> [PROBLEM TO WORK ON] What you return should be the full listing, copied exactly and stripped of its pictures.
Segment Start: RECORDED INFORMATION
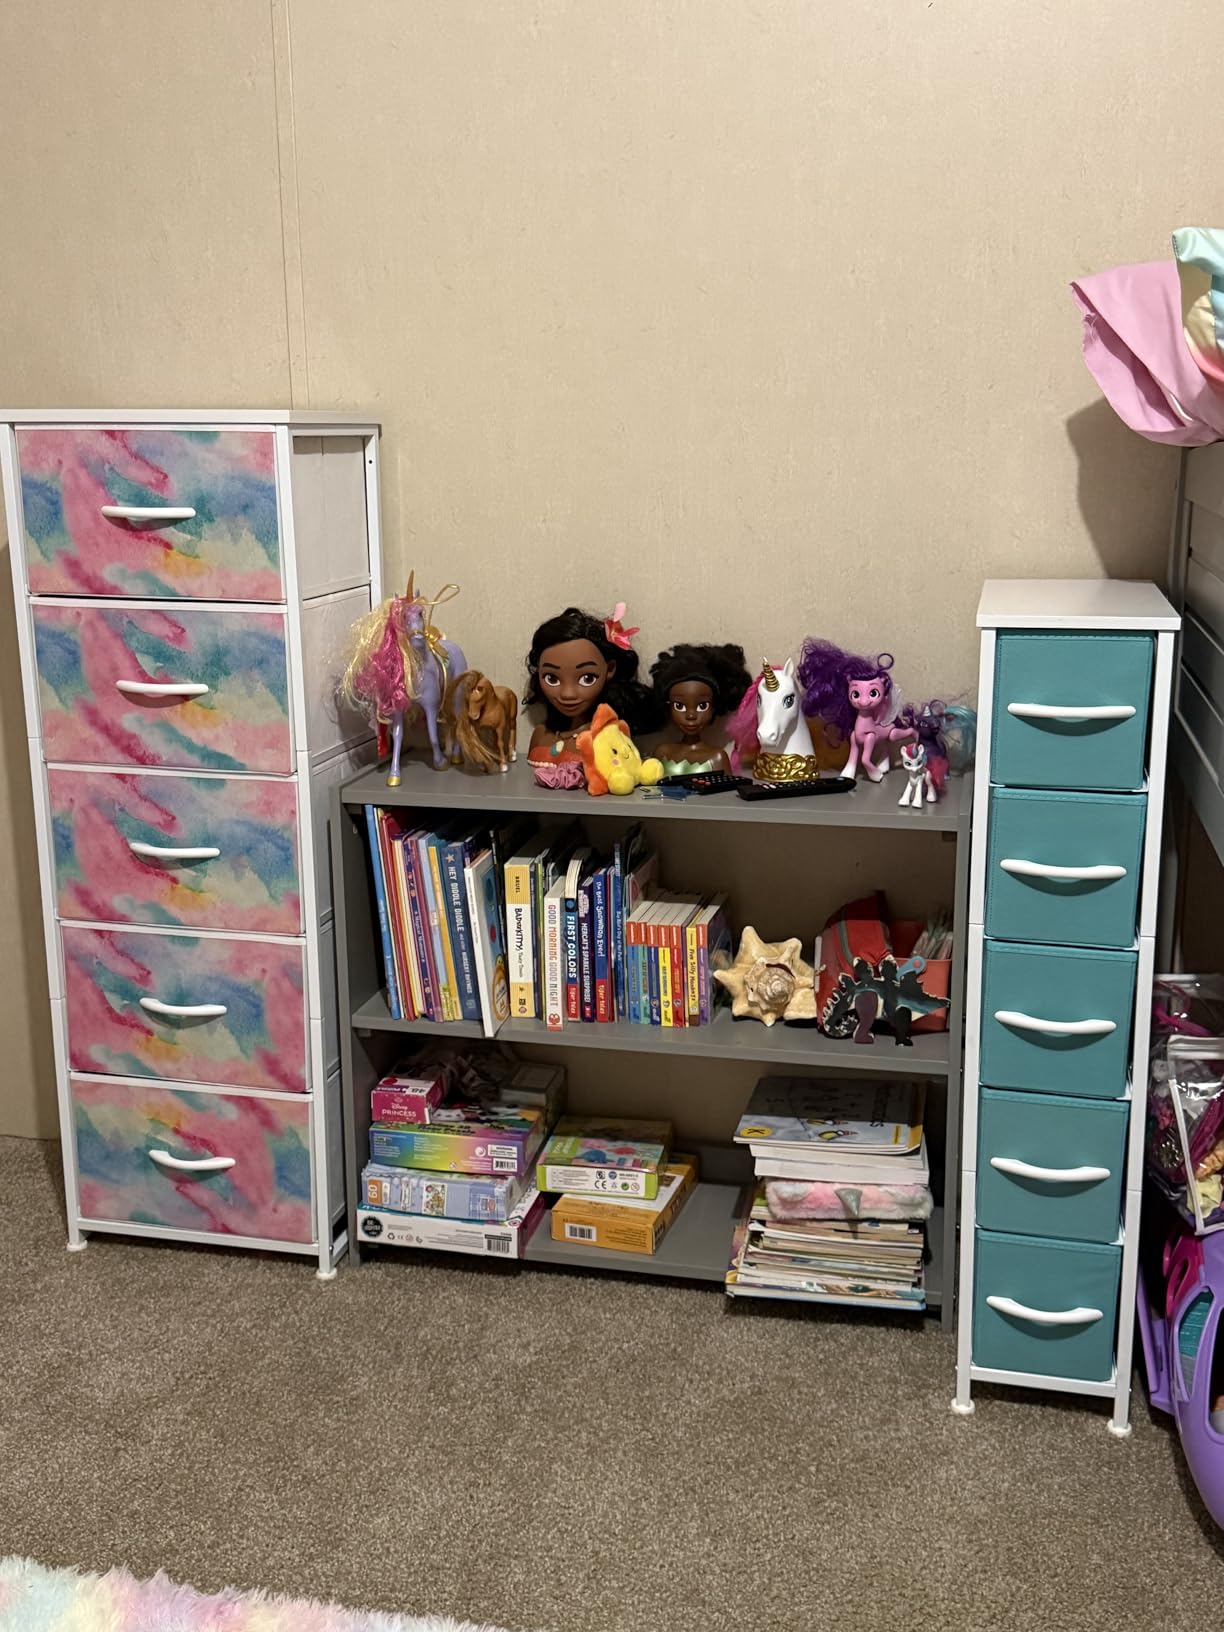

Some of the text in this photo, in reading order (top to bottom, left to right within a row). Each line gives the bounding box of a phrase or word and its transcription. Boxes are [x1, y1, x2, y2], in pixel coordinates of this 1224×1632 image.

[447, 866, 457, 880] HEY
[450, 882, 461, 906] DIDDLE
[454, 908, 465, 932] DIDDLE
[595, 905, 604, 938] Snowman
[567, 915, 577, 978] FIRST COLORS
[581, 922, 589, 949] MERCAT'S
[548, 904, 558, 1007] GOOD MORNING GOOD NIGHT
[596, 939, 605, 957] Ever!
[461, 951, 470, 973] NURSERY
[582, 950, 590, 974] SPARKLE
[464, 974, 473, 994] RHYMES
[583, 975, 591, 1003] SURPRISE!
[381, 1108, 417, 1117] PRINCESS
[368, 1184, 378, 1199] 60
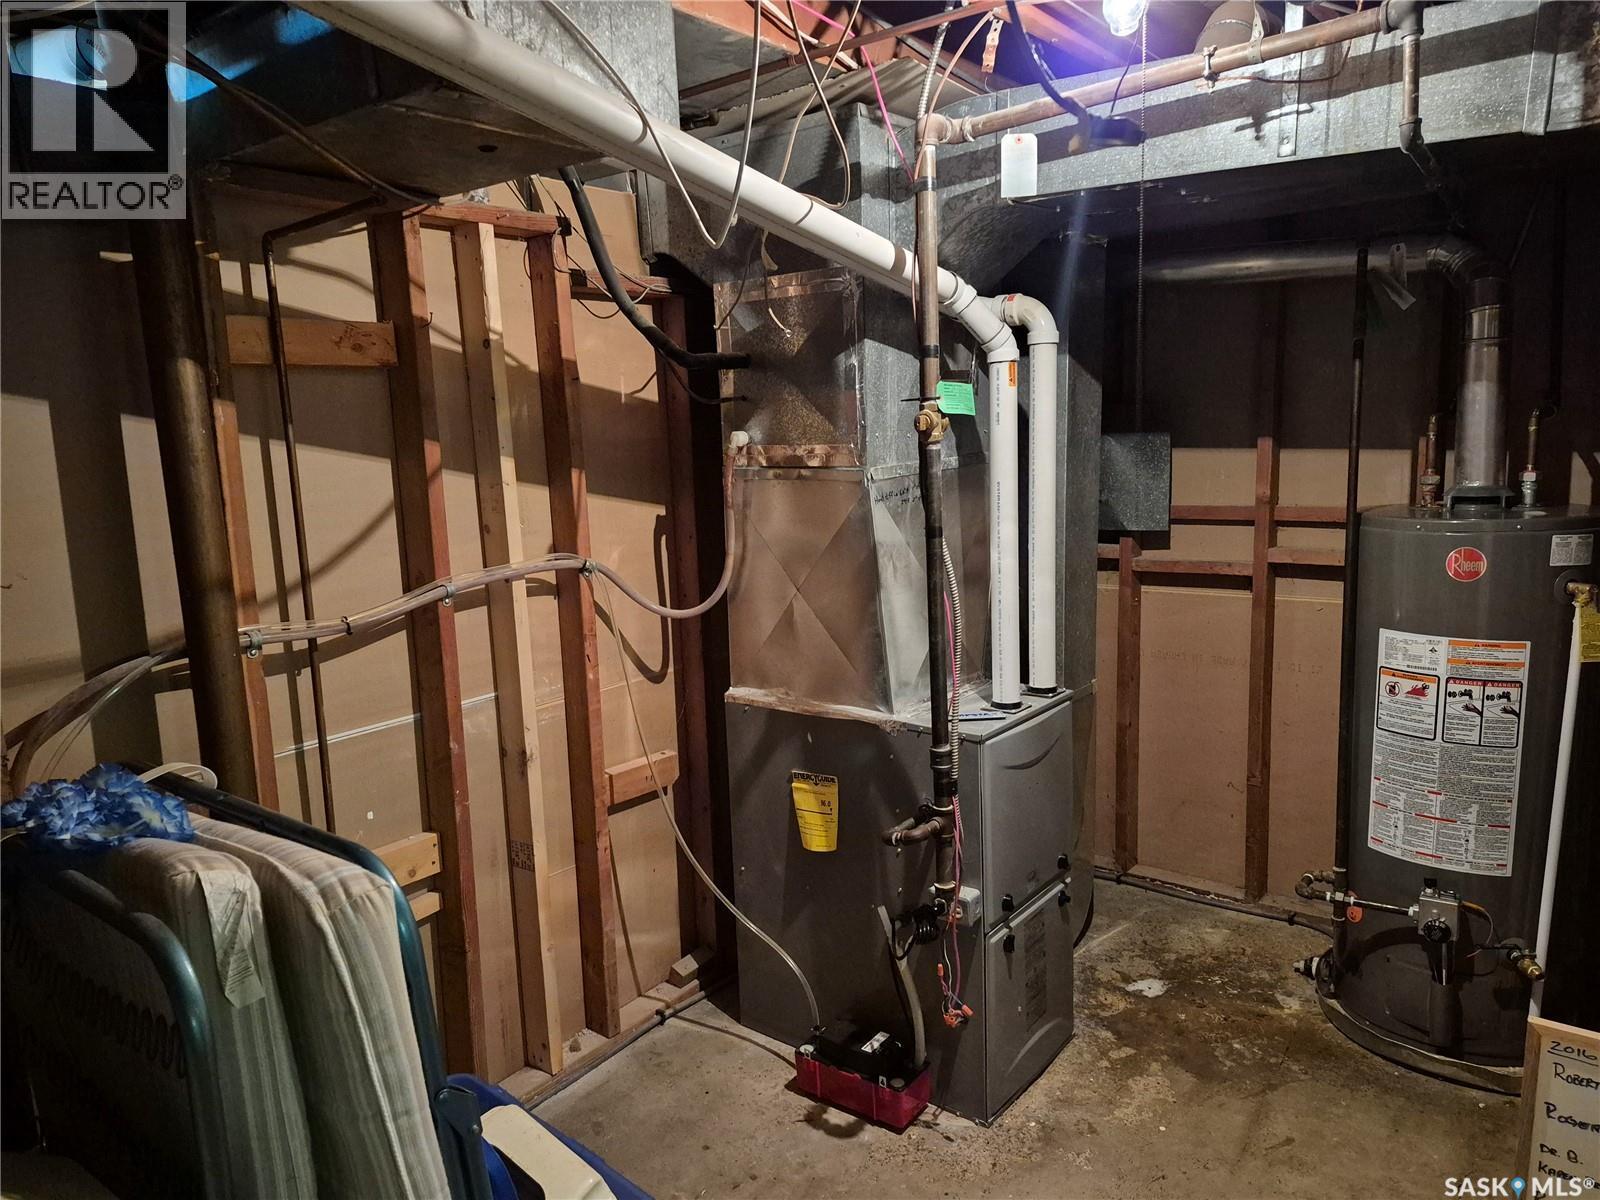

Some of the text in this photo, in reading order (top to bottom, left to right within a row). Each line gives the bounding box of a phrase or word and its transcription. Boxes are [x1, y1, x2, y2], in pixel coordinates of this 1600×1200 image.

[1451, 547, 1484, 576] Rheem
[1455, 679, 1482, 687] DANGER
[1550, 1041, 1599, 1061] 2016
[1553, 1062, 1600, 1090] ROBERT
Segment End: RECORDED INFORMATION
> [OUTPUT OF THE TASK]
Some of the text in this photo, in reading order (top to bottom, left to right within a row). Each line gives the bounding box of a phrase or word and its transcription. Boxes are [x1, y1, x2, y2], in pixel coordinates of this 1224×1632 image.

[447, 866, 457, 880] HEY
[450, 882, 461, 906] DIDDLE
[454, 908, 465, 932] DIDDLE
[595, 905, 604, 938] Snowman
[567, 915, 577, 978] FIRST COLORS
[581, 922, 589, 949] MERCAT'S
[548, 904, 558, 1007] GOOD MORNING GOOD NIGHT
[596, 939, 605, 957] Ever!
[461, 951, 470, 973] NURSERY
[582, 950, 590, 974] SPARKLE
[464, 974, 473, 994] RHYMES
[583, 975, 591, 1003] SURPRISE!
[381, 1108, 417, 1117] PRINCESS
[368, 1184, 378, 1199] 60

Some of the text in this photo, in reading order (top to bottom, left to right within a row). Each line gives the bounding box of a phrase or word and its transcription. Boxes are [x1, y1, x2, y2], in pixel coordinates of this 1600×1200 image.

[1451, 547, 1484, 576] Rheem
[1455, 679, 1482, 687] DANGER
[1550, 1041, 1599, 1061] 2016
[1553, 1062, 1600, 1090] ROBERT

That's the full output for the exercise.